Last, but not least important: be carefull with your credentials. With your EC2 credentials, someone could start nodes that will be charged in your credit card. Be specially carefull introducing your credentials into world readable sites (GitHub).

## Creating the grid

### The hard way

Ipcluster command can be used to create a **grid** of computers in Amazon EC2.

The problem with this method is that there is a lot of hard work to do to make it operational:

We may create instances in Amazon EC2 and configure them:

+ Install ipython
+ Defining a security police
+ Interconnect them
+ We may want to create a shared filesystem

This is a hard way. If you have your own grid and you are interested on using ipcluster, you must start reading **Starting the IPython controller and engines**[1]

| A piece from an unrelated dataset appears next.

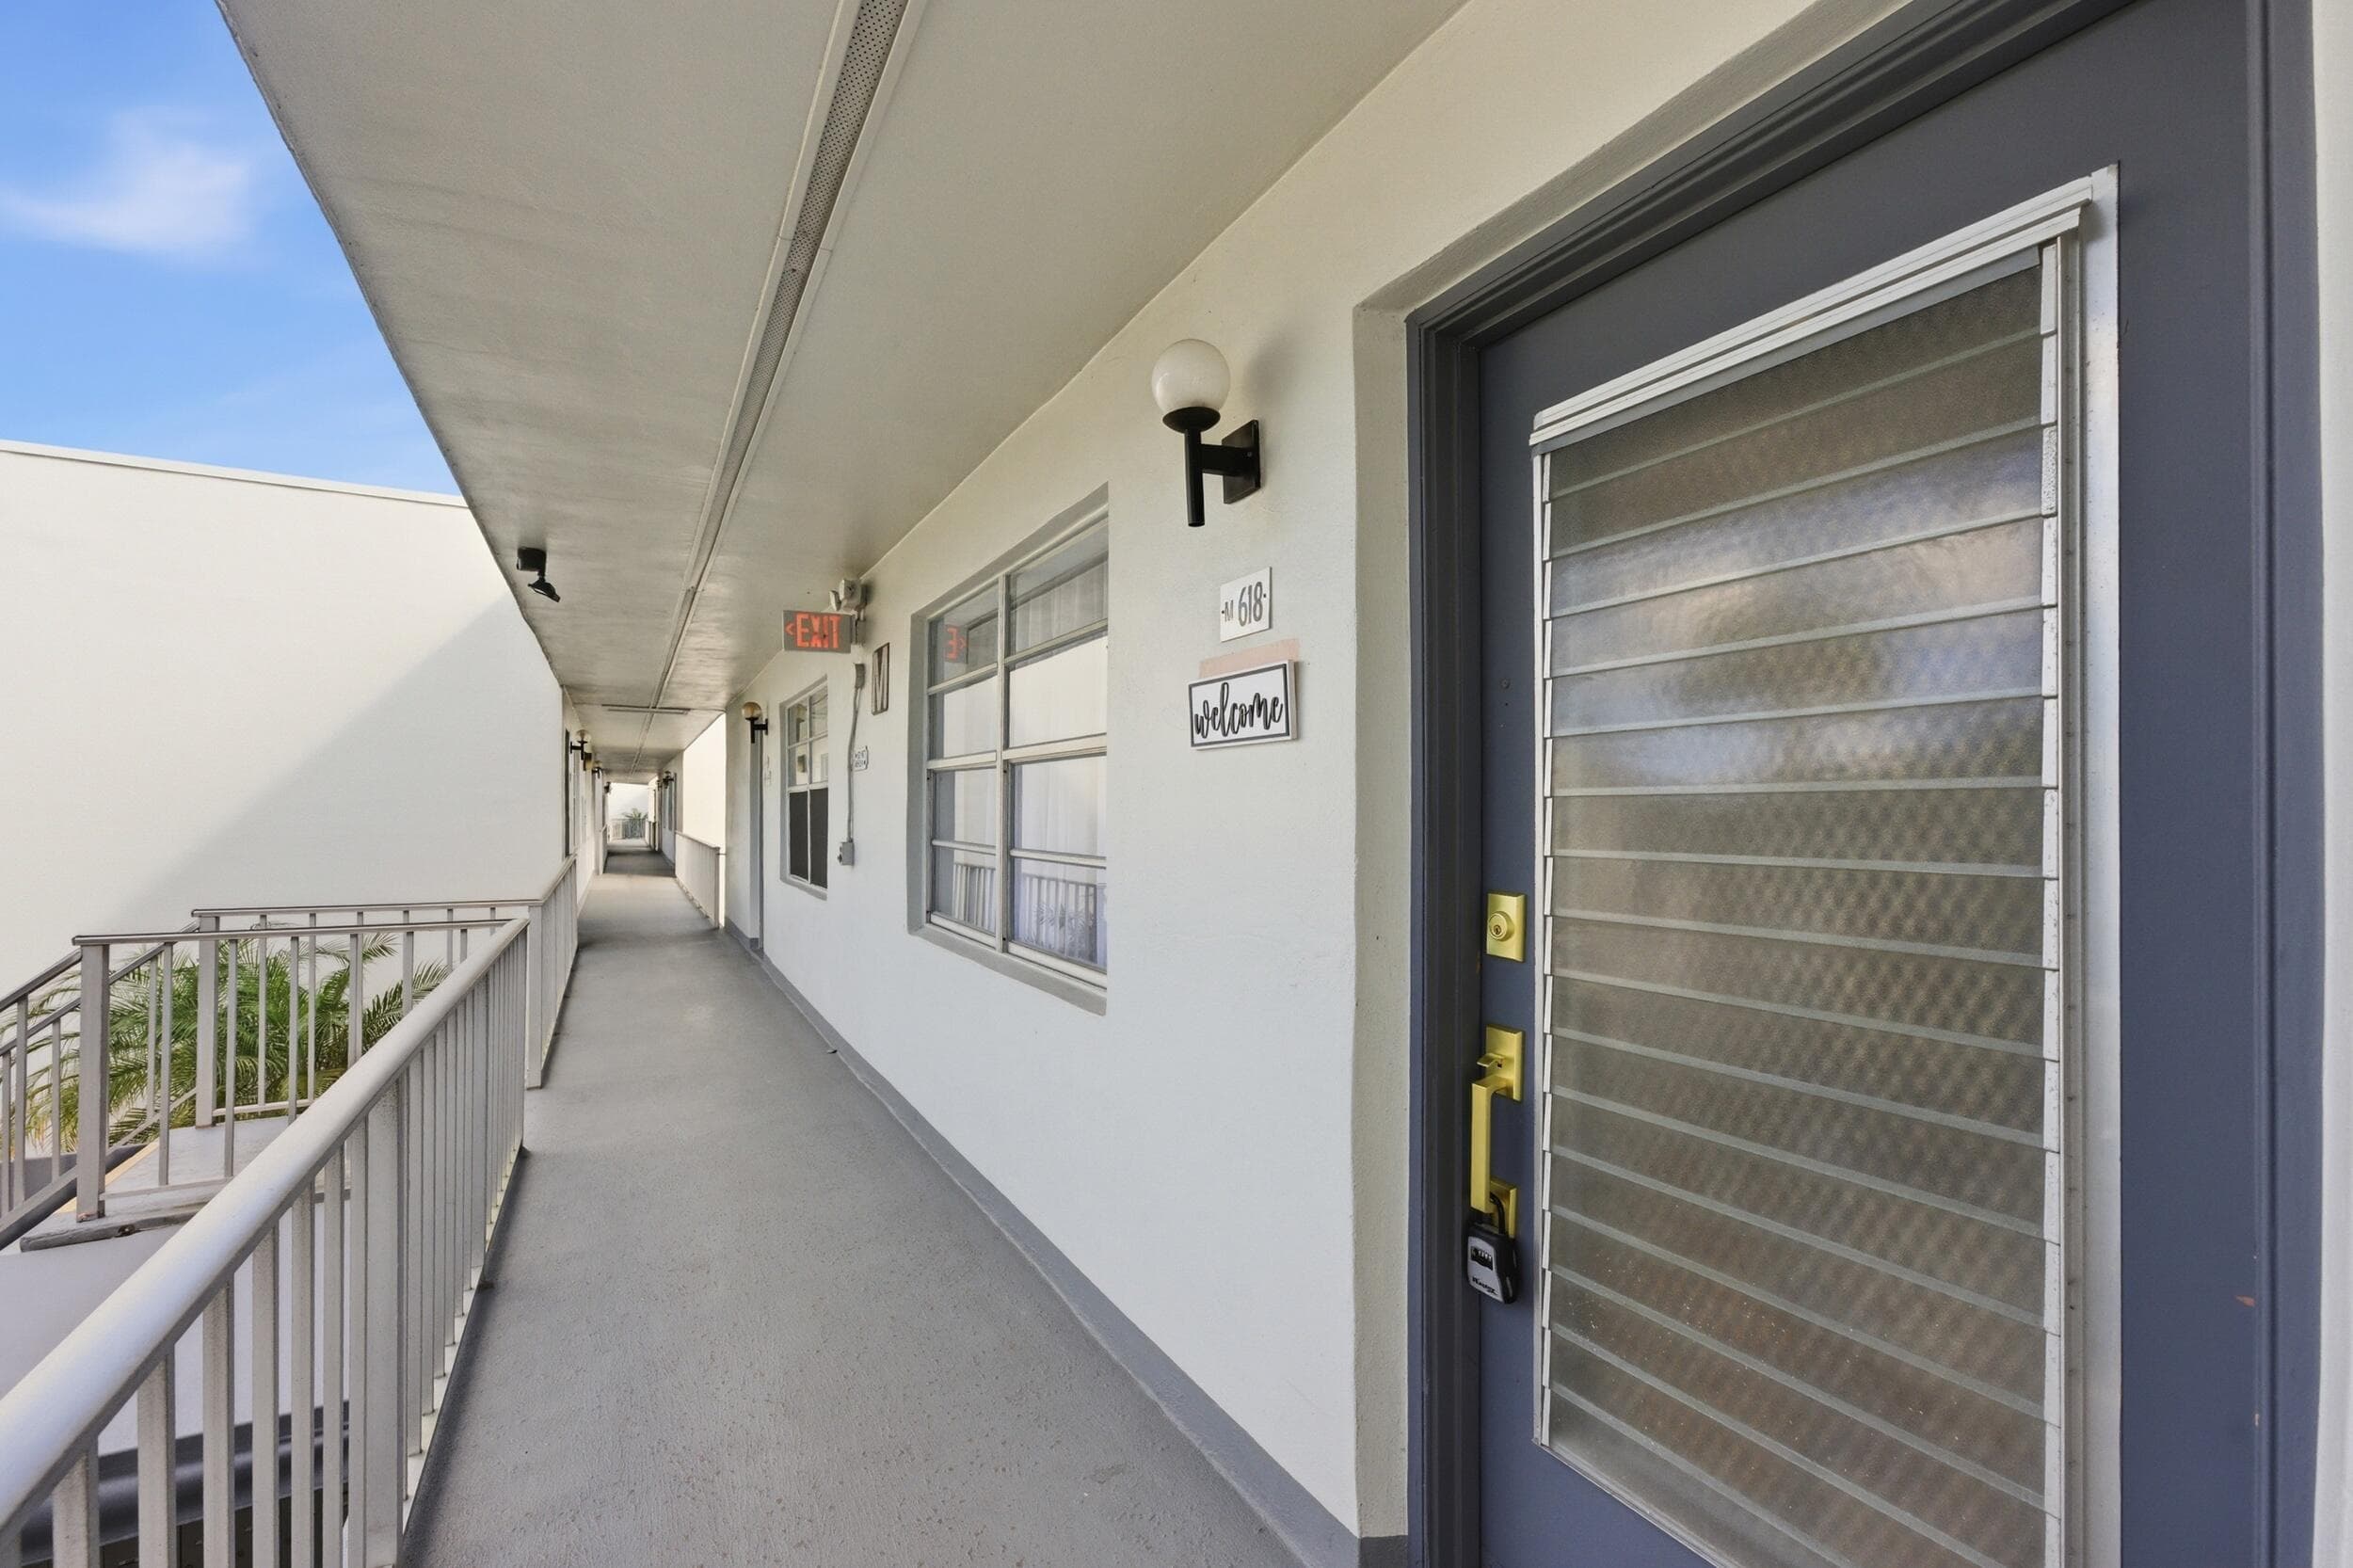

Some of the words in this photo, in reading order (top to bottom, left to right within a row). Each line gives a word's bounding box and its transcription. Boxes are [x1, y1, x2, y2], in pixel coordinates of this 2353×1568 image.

### The engineer way: StarCluster[2]

http://star.mit.edu/cluster/  
"StarCluster is an open source cluster-computing toolkit for Amazon’s Elastic Compute Cloud (EC2) released under the LGPL license.   
StarCluster has been designed to automate and simplify the process of building, configuring, and managing clusters of virtual machines on Amazon’s EC2 cloud. StarCluster allows anyone to easily create a cluster computing environment in the cloud suited for distributed and parallel computing applications and systems."

http://star.mit.edu/cluster/docs/latest/overview.html  
Out-of-the-box, StarCluster automates:  

+ Create a security police for the cluster (Firewall)
+ User-friendly Hostnames: master, node001, node002, etc
+ Comunication bw nodes: SSH + NFS share on /home
+ Creates a Queuing system (Oracle Grid Engine)

#### First of all: non-human interaction with Amazon EC2 API

There are two main ways to operate with AWS: using the **web portal** or in a non-human interaction using the **Amazon API**.  
As we want Starcluster to do the hard work automatically, we must use Amazon API.

Using Amazon API requires an User with an Access Key ID and a Secret Access Key. To create them:  

+ In AWS, go to IAM (Identify & Access Management) -> In Users section, choose the user or create a new one. The user needs "Programatic Access". Download the Access Key ID and the Secret Access Key and store them.

For this class, in the Policies section, we are going to authorize our user to have AdministratorAccess.

#### Installing Starcluster

http://star.mit.edu/cluster/docs/latest/installation.html  
On Linux/Mac/Windows: 'pip install StarCluster'

#### Create a small cluster with StarCluster

To create a new **configuration file**, in a command line, execute:  
    
     $> starcluster help #Choose option 2

Edit the configuration file **(~/.starcluster/config)** and set your **AWS authentication settings**:  

      [aws info]
      AWS_ACCESS_KEY_ID = your-acces-key-id
      AWS_SECRET_ACCESS_KEY = your-secret_access_key
      AWS_USER_ID = your-user_id (User name!)
      
To create the cluster, StarCluster needs to log in into the diferent nodes in EC2 without providing a password.  
With this purpose, Starcluster uses an RSA **keipair keys**. We can create and activate a keypair with the command:

    $> starcluster createkey -o bigDataKeyPair.rsa bigDataKeyPair
    
Be sure to have 600 permissions on the keypair file!  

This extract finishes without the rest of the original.